Relationship with father

When Jason first tried to understand how his same-sex attractions had developed, he didn’t think his family was dysfunctional. They loved each other and his father did not beat them. They lived in peace and love and were actively religious people. However, he later came to realize that these good things did not guarantee that all his emotional needs would be met.

It is important that a boy have a healthy emotional relationship with his father or with another significant male and that a girl have a healthy emotional relationship with her mother or with another significant female. (This is much more than Sigmund Freud’s theory that a homosexual male child is the product of a strong mother and a passive, indifferent, or hostile father.) The boy needs to feel love from his father and needs to identify with him. It is through this male bonding that a child develops a sense of himself as an individual and as a male. If this relationship was not functional for you, the needs that would normally be met through it may remain unmet.
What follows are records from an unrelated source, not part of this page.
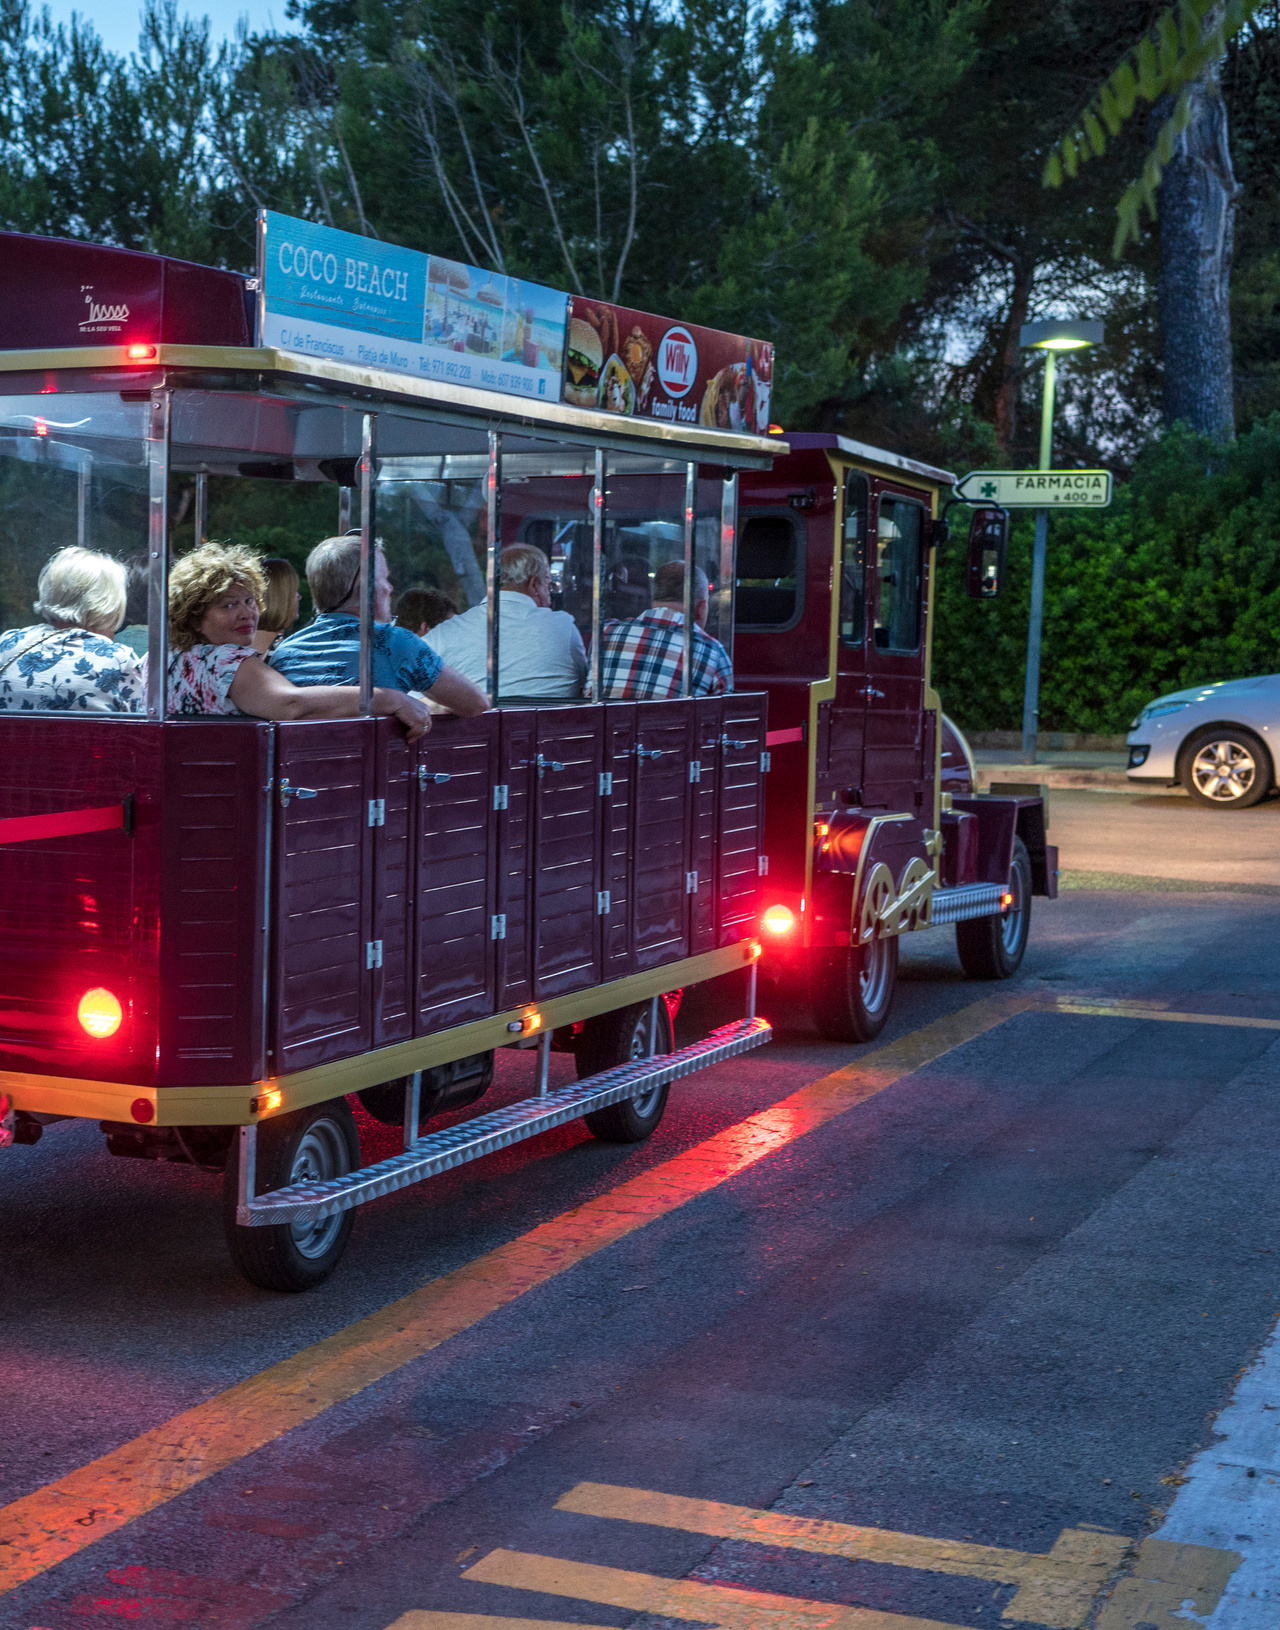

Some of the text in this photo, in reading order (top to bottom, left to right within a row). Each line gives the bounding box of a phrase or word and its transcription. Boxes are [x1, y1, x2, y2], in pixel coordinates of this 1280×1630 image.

[278, 242, 409, 301] COCO BEACH
[294, 331, 304, 348] de
[379, 349, 389, 364] de
[390, 350, 409, 368] Muro
[432, 359, 445, 374] 971
[665, 343, 690, 382] Willy
[652, 396, 697, 422] family food
[1015, 477, 1102, 489] FARMACIA
[1063, 492, 1088, 501] 400
This bonding may not have occurred if your father was physically or emotionally uninvolved in your life as a child, or the bond may have been broken if he was punishing or authoritarian. Since this can be very painful, you may not have wanted to reestablish the connection. Even if he tried to build a good relationship, you may have prevented it out of fear of further hurt. Dr. Elizabeth Moberly of Cambridge University refers to this as defensive detachment. (Moberly, p. 6) As a child, you may have defended against further trauma by blocking yourself from relating normally with your father, and in so doing, unknowingly insured that your needs for attachment with him would not be met. It may have become an approach-avoidance conflict. The drive for a renewed attachment showed your need for love from him, but the defensive detachment prevented the attachment and so the needs continued unmet.
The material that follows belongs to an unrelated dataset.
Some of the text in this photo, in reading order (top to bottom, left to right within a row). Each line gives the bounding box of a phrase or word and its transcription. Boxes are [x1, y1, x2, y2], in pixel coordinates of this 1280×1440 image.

As a child, your interpretation of this relationship was critical. Even if your father was available and loved you, if you did not perceive that love or could not connect with him, there could have been a deficit. There is a difference between being loved and feeling loved. The more sensitive and the less able to relate to your father, the greater the chance of a relationship problem. To children, parents are their source of being, and if the attachment to them is disrupted, their very being feels endangered. If you became hurt as a child, you may have become unwilling to trust and may have learned to repress the need for attachment. You may have then distanced yourself from your father and later carried it over to men in general by avoiding closeness with male peers. If this is true in your case, you became emotionally needful as a result of not having the supportive, affectionate relationships required to develop a good sense of identity. When these psychological needs remain unfulfilled, although the boy has grown to be a man, you are still essentially a child trying to fill basic emotional needs. In many respects, you may still be a dependent child who needs to be loved by his father and not yet an adult with adult emotional needs.
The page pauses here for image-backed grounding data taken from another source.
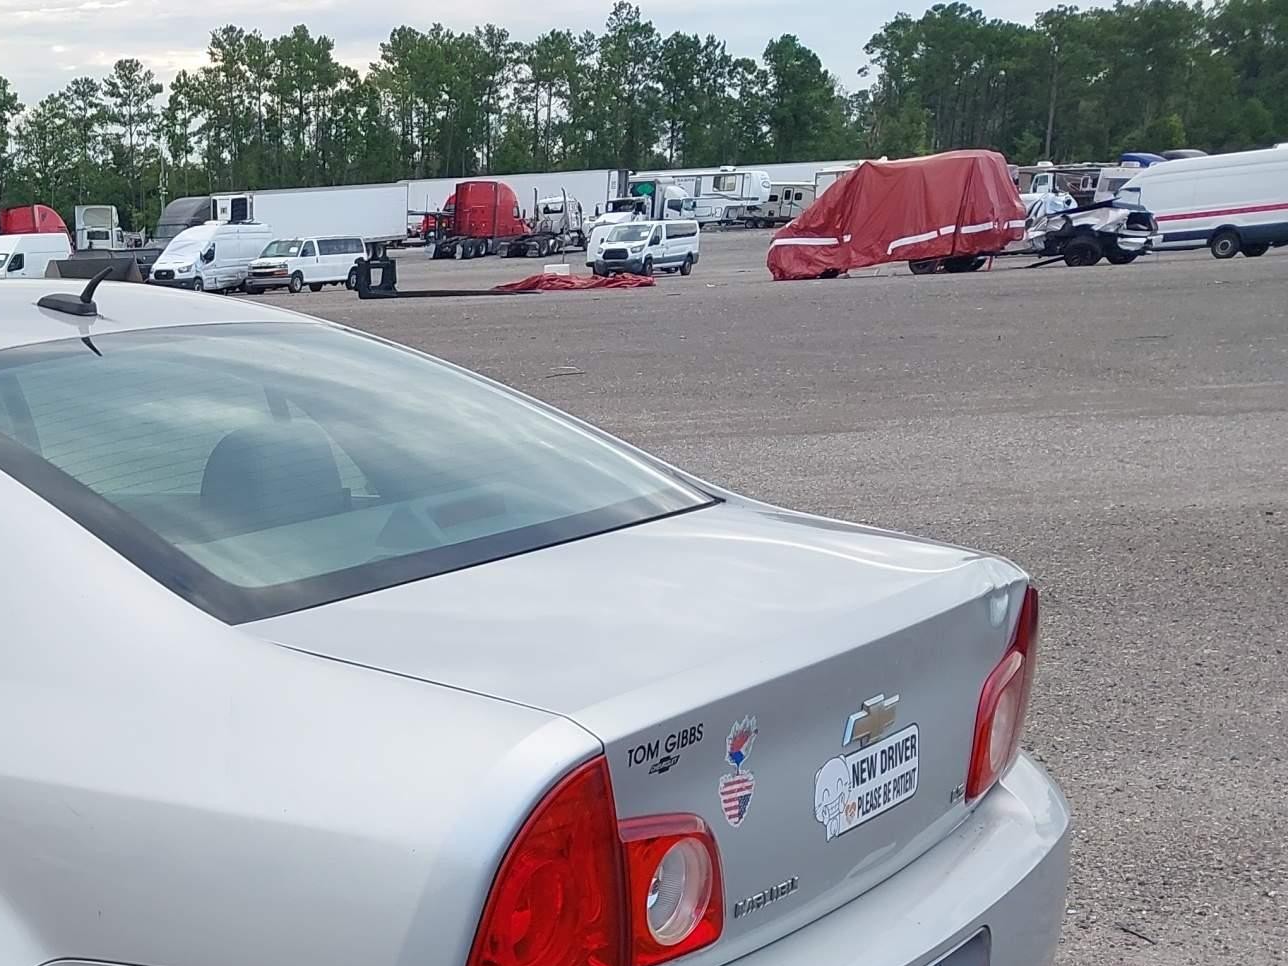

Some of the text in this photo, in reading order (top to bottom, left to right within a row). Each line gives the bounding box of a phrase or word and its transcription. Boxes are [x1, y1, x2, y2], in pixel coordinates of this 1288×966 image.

[627, 722, 704, 768] TOM GIBBS
[852, 734, 917, 788] NEW DRIVER
[856, 767, 917, 818] PLEASE BE PATIENT
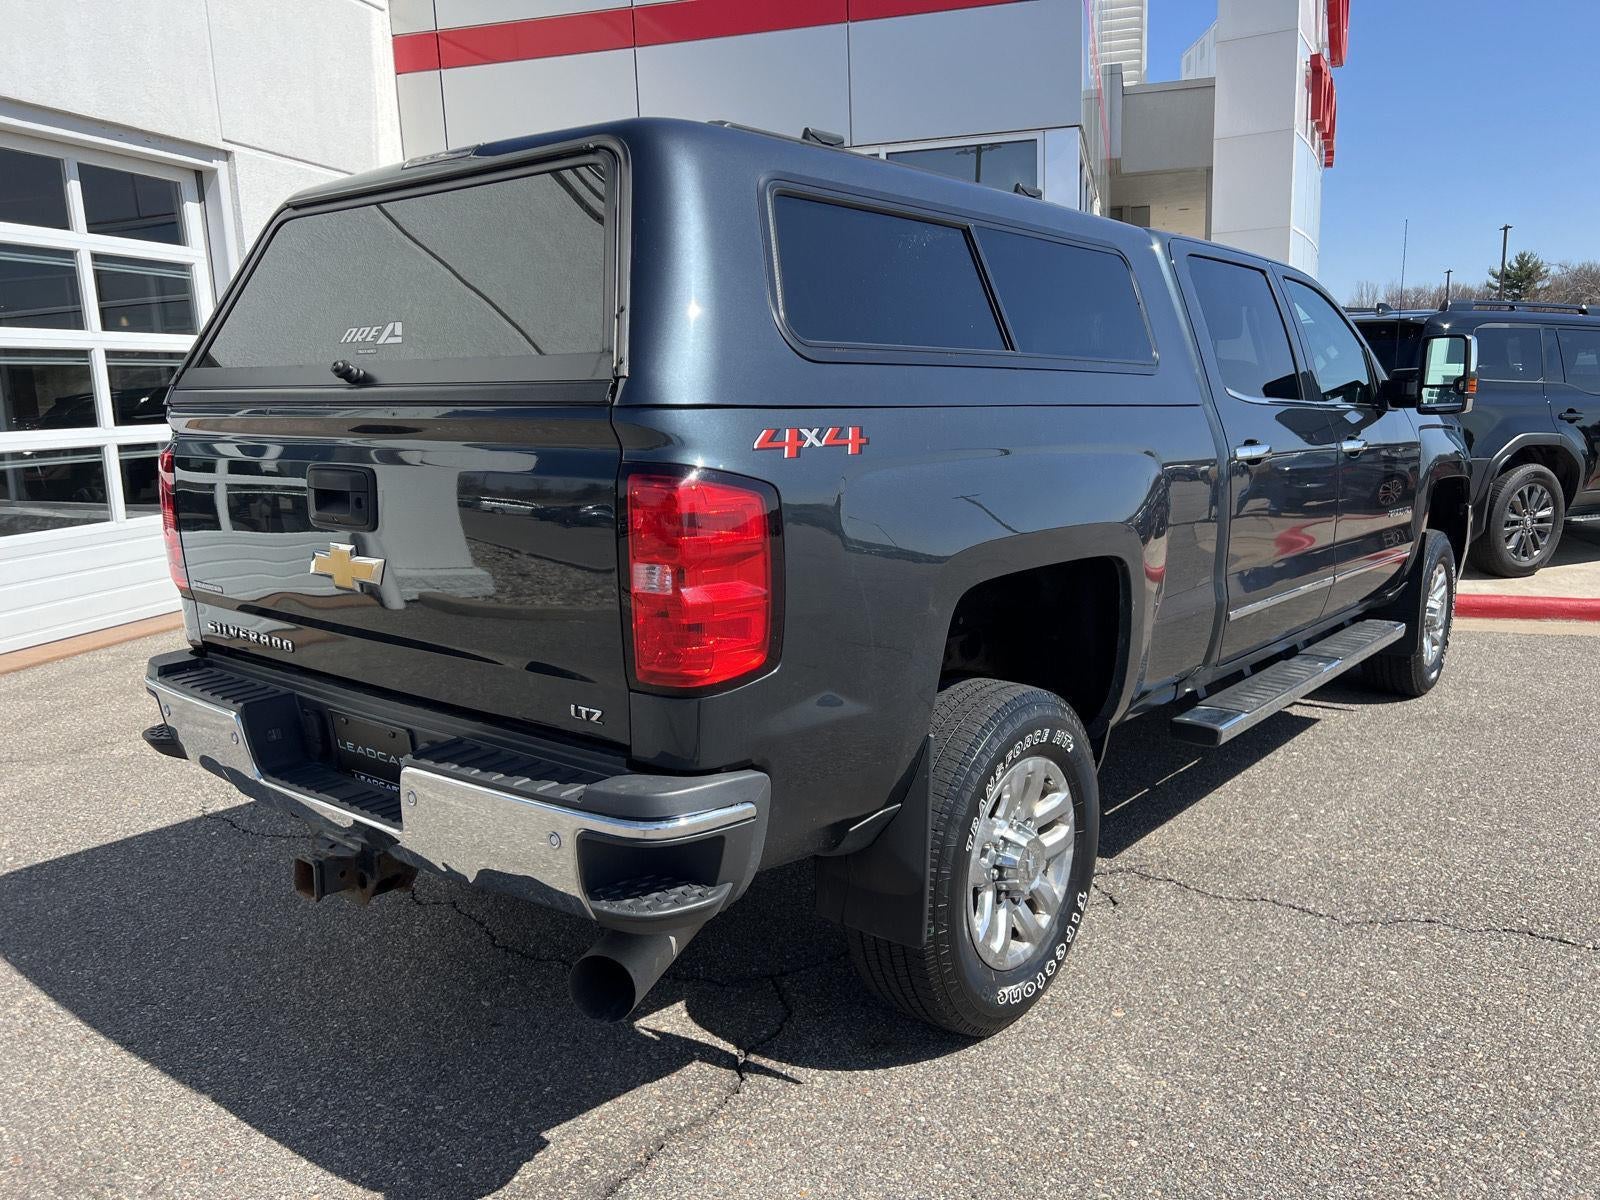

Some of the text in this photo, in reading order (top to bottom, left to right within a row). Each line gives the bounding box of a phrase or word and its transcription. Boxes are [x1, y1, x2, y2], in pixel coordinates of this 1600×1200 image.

[340, 326, 382, 343] ARE
[207, 620, 295, 653] SILVERADO
[570, 703, 603, 725] LTZ
[965, 728, 1050, 852] TRANSFORCE
[996, 891, 1088, 1005] Firestone
To learn more about the father-son relationship and defensive detachment, read Homosexuality: A New Christian Ethic by Elizabeth R. Moberly.

Relationship with mother

For a boy, the relationship with his mother is also important. A mother can either reinforce and strengthen a boy’s relationship with his father or she can dominate and minimize the father’s role. A strong relationship with your mother is not a problem unless it gets in the way of a strong relationship with your father. In the triangle of relationships between the boy, mother, and father, the three sometimes become imbalanced. If the father-mother relationship was not healthy, you may have missed out on learning what a husband-wife relationship should be. Further, you may have tried to take care of the emotional needs of your mother and become a surrogate male companion to her. If this disordered mother-son relationship occurred, you would not have been able to develop a normal male image as a boy, nor would the emotional needs have been met as a son from your mother. Needless to say, you also would not have gotten your emotional needs met from the father-son relationship. If this happened, you may have become enmeshed with your mother, in part to compensate for not having the emotional support from your father.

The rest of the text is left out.